A Simple Guide to Data Wrangling with the tidyverse

Set up

As always, load the package first

# install.packages("tidyverse")
library(tidyverse)

The tidyverse is a collection of the following packages:

tidyverse_packages()
##  [1] "broom"         "cli"           "crayon"        "dbplyr"       
##  [5] "dplyr"         "dtplyr"        "forcats"       "googledrive"  
##  [9] "googlesheets4" "ggplot2"       "haven"         "hms"          
## [13] "httr"          "jsonlite"      "lubridate"     "magrittr"     
## [17] "modelr"        "pillar"        "purrr"         "readr"        
## [21] "readxl"        "reprex"        "rlang"         "rstudioapi"   
## [25] "rvest"         "stringr"       "tibble"        "tidyr"        
## [29] "xml2"          "tidyverse"

Learn more: https://www.tidyverse.org/packages


Tibbles

Example: Population (mil. people) and land area (mil. of \(km^2\)) of North American countries

  • “Column-wise” creation (similar to old data.frame())
country <- tibble(
  country = c("usa", "canada", "mexico"),
  population = c(331.00, 37.74, 128.93),
  area = c(9.09, 9.15, 1.94)
)
country
country population area
usa 331.00 9.09
canada 37.74 9.15
mexico 128.93 1.94
  • “Row-wise” creation
country <- tribble(
  ~country, ~population, ~area,
  "usa", 331.00, 9.09,
  "canada", 37.74, 9.15,
  "mexico", 128.93, 1.94
)
country
country population area
usa 331.00 9.09
canada 37.74 9.15
mexico 128.93 1.94

If you have data to import, use read_csv() (for comma-delimited files) which stores the data as a tibble. read.csv() in base gives a data.frame object instead.
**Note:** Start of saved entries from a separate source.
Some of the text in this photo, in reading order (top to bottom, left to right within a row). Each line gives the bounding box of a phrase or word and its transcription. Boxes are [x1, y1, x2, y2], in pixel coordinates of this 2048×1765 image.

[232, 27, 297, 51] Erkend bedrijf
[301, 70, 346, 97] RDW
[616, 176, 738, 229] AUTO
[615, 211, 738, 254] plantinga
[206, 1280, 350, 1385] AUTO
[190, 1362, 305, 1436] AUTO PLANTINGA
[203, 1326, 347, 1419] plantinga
read_csv("your_file_path/data_file_name.csv")

For other types of data file (tsv, fwf…), see https://readr.tidyverse.org/.


%>%

  • The “pipe” operator

    • From maggritr package, automatically loaded when loading the whole tidyverse


  • Perform a sequence of multiple operations

# the workflow
object %>%
  operation1(...) %>% 
  operation2(...) %>% 
  .
  .
  .
  • More on this later…

  • The following data verbs come from the dplyr package of the tidyverse.


mutate()

  • Create new variables from previously-existed variables

  • mutate(new_variable = f(old variables))
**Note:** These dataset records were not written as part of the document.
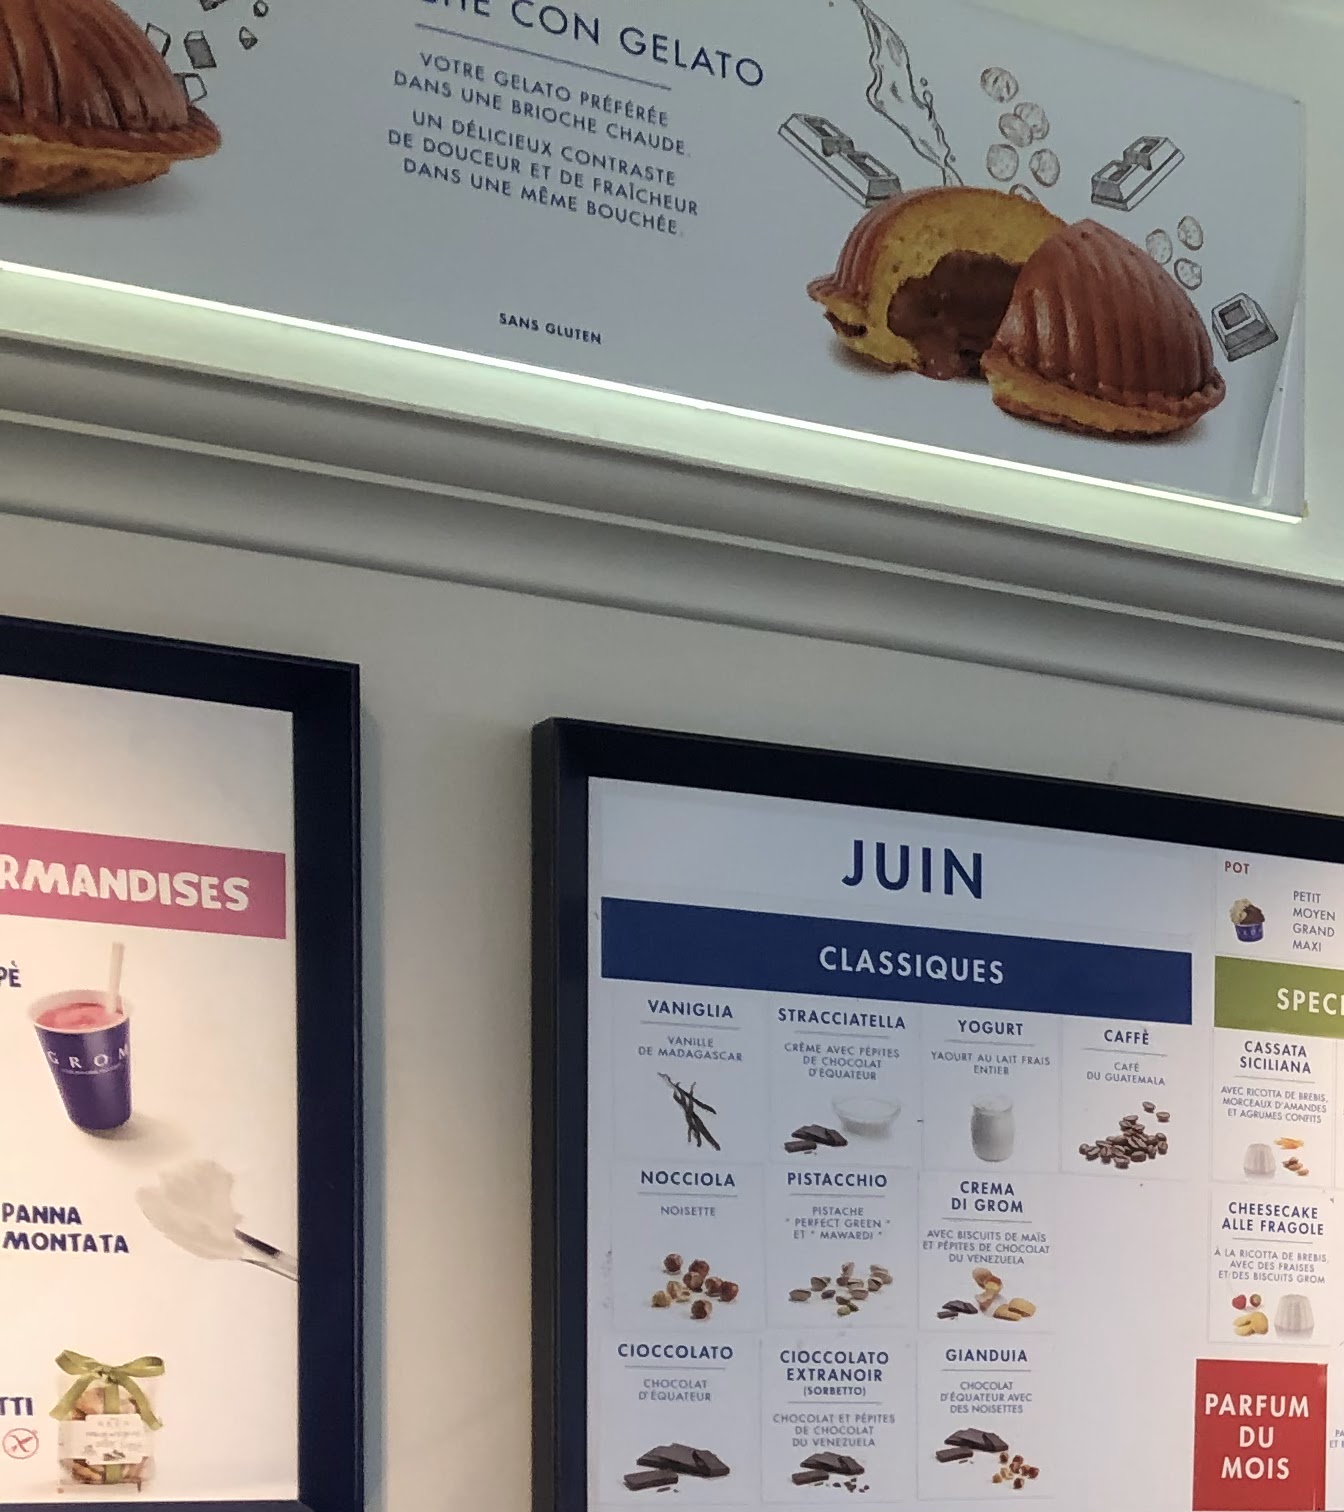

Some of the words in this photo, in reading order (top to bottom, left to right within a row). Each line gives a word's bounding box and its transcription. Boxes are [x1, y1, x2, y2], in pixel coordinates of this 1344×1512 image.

[511, 0, 600, 44] CON
[619, 26, 763, 87] GELATO
[419, 51, 485, 82] VOTRE
[494, 70, 571, 102] GELATO
[580, 91, 669, 128] PRÉFÉRÉE
[393, 69, 452, 99] DANS
[461, 87, 502, 112] UNE
[511, 98, 597, 134] BRIOCHE
[412, 109, 442, 130] UN
[451, 117, 553, 156] DÉLICIEUX
[561, 145, 676, 187] CONTRASTE
[388, 129, 414, 148] DE
[422, 136, 521, 174] DOUCEUR
[530, 162, 551, 181] ET
[559, 168, 584, 190] DE
[593, 176, 698, 217] FRAÎCHEUR
[403, 157, 462, 185] DANS
[470, 174, 512, 197] UNE
[520, 185, 578, 212] MÊME
[499, 312, 539, 331] SANS
[545, 322, 601, 345] GLUTEN
[841, 839, 982, 900] JUIN
[1224, 860, 1250, 875] POT
[0, 853, 250, 912] RMANDISES
[1293, 890, 1321, 904] PETIT
[1293, 907, 1336, 921] MOYEN
[1292, 923, 1335, 938] GRAND
[1293, 939, 1322, 952] MAXI
[819, 945, 1004, 985] CLASSIQUES
[647, 999, 733, 1019] VANIGLIA
[778, 1007, 906, 1030] STRACCIATELLA
[957, 1019, 1024, 1036] YOGURT
[667, 1036, 714, 1048] VANILLE
[1103, 1028, 1150, 1046] CAFFÈ
[638, 1046, 653, 1056] DE
[658, 1048, 743, 1062] MADAGASCAR
[1244, 1040, 1307, 1058] CASSATA
[931, 1050, 973, 1062] YAOURT
[977, 1053, 992, 1063] AU
[995, 1054, 1017, 1065] LAIT
[1021, 1055, 1051, 1067] FRAIS
[1114, 1060, 1139, 1073] CAFÉ
[1240, 1056, 1312, 1074] SICILIANA
[973, 1065, 1009, 1076] ENTIER
[1086, 1071, 1101, 1081] DU
[1104, 1072, 1166, 1086] GUATEMALA
[640, 1170, 736, 1188] NOCCIOLA
[787, 1172, 888, 1188] PISTACCHIO
[960, 1180, 1015, 1196] CREMA
[660, 1205, 716, 1217] NOISETTE
[812, 1206, 864, 1217] PISTACHE
[951, 1197, 967, 1211] DI
[974, 1198, 1024, 1213] GROM
[1228, 1201, 1319, 1220] CHEESECAKE
[1, 1202, 82, 1226] PANNA
[1221, 1217, 1254, 1231] ALLE
[1260, 1219, 1325, 1236] FRAGOLE
[2, 1231, 130, 1254] MONTATA
[617, 1343, 734, 1360] CIOCCOLATO
[780, 1350, 889, 1365] CIOCCOLATO
[945, 1348, 1028, 1363] GIANDUIA
[643, 1378, 708, 1390] CHOCOLAT
[787, 1368, 883, 1383] EXTRANOIR
[803, 1385, 867, 1397] (SORBETTO)
[1205, 1393, 1309, 1418] PARFUM
[773, 1413, 834, 1424] CHOCOLAT
[838, 1413, 852, 1423] ET
[855, 1412, 896, 1424] PÉPITES
[795, 1426, 809, 1435] DE
[813, 1425, 874, 1436] CHOCOLAT
[1239, 1425, 1274, 1448] DU
[792, 1437, 808, 1448] DU
[812, 1438, 876, 1448] VENEZUELA
[1220, 1456, 1290, 1480] MOIS
  • What could the function f be?

    • Math (arithmetic)

    • Logical condition

    • Text (strings) operations (with stringr)
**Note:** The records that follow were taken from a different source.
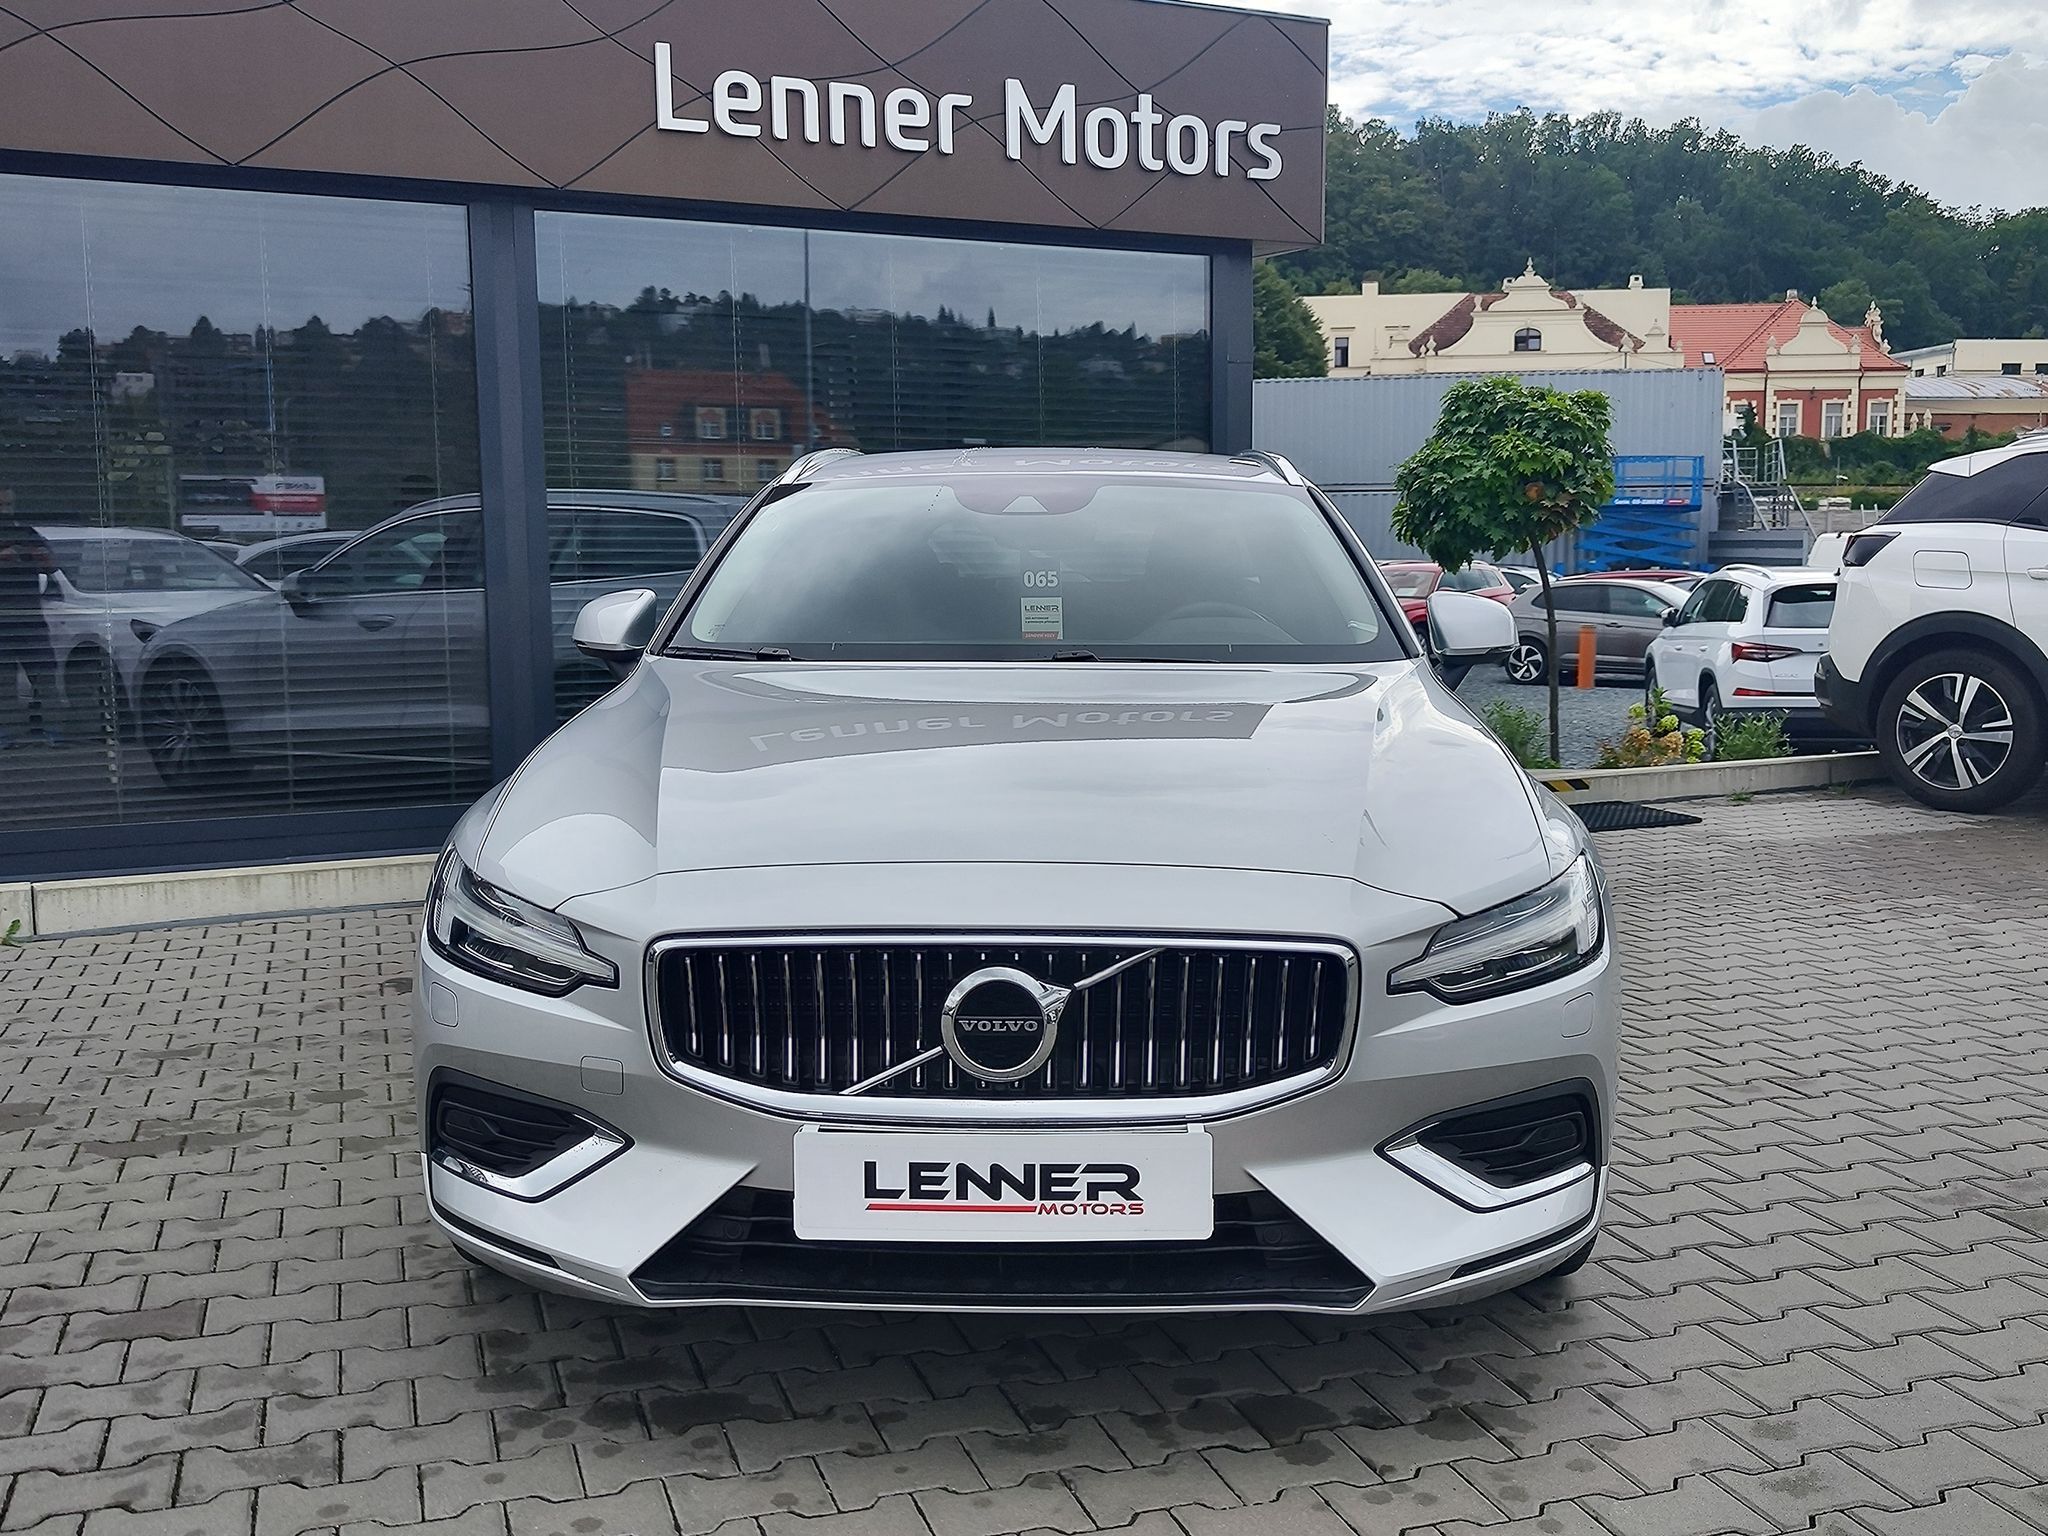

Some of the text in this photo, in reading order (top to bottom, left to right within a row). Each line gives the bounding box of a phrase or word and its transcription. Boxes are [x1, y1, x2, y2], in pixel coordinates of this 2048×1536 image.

[654, 41, 1283, 181] Lenner Motors
[1023, 570, 1059, 588] 065
[1024, 604, 1059, 613] LENNER
[958, 1020, 1038, 1032] VOLVO
[863, 1161, 1145, 1201] LENNER
[1037, 1203, 1145, 1216] MOTORS
    • Variable type conversion (e.g. character to factor, numeric to factor…)

    • … and many more tasks

Example: country

Convert area from \(km^2\) to \(mi^2\) and then calculate the population density (people per \(km^2\))

country %>% 
  mutate(area_mi = area * 0.386102,
         density = population / area)
country population area area_mi density
usa 331.00 9.09 3.5096672 36.41364
canada 37.74 9.15 3.5328333 4.12459
mexico 128.93 1.94 0.7490379 66.45876

Create an indicator (dummy varible) for whether the population is over 100 mil people

(Here let’s also store the new data into a new object, called country_new, as you might want to do that in some situations.)

?if_else
country_new <- country %>% 
  mutate(hundred = if_else(population > 100, "yes", "no"))
country_new
country population area hundred
usa 331.00 9.09 yes
canada 37.74 9.15 no
mexico 128.93 1.94 yes

If you have more than two categories, you can still use if_else, but now the statements are “nested”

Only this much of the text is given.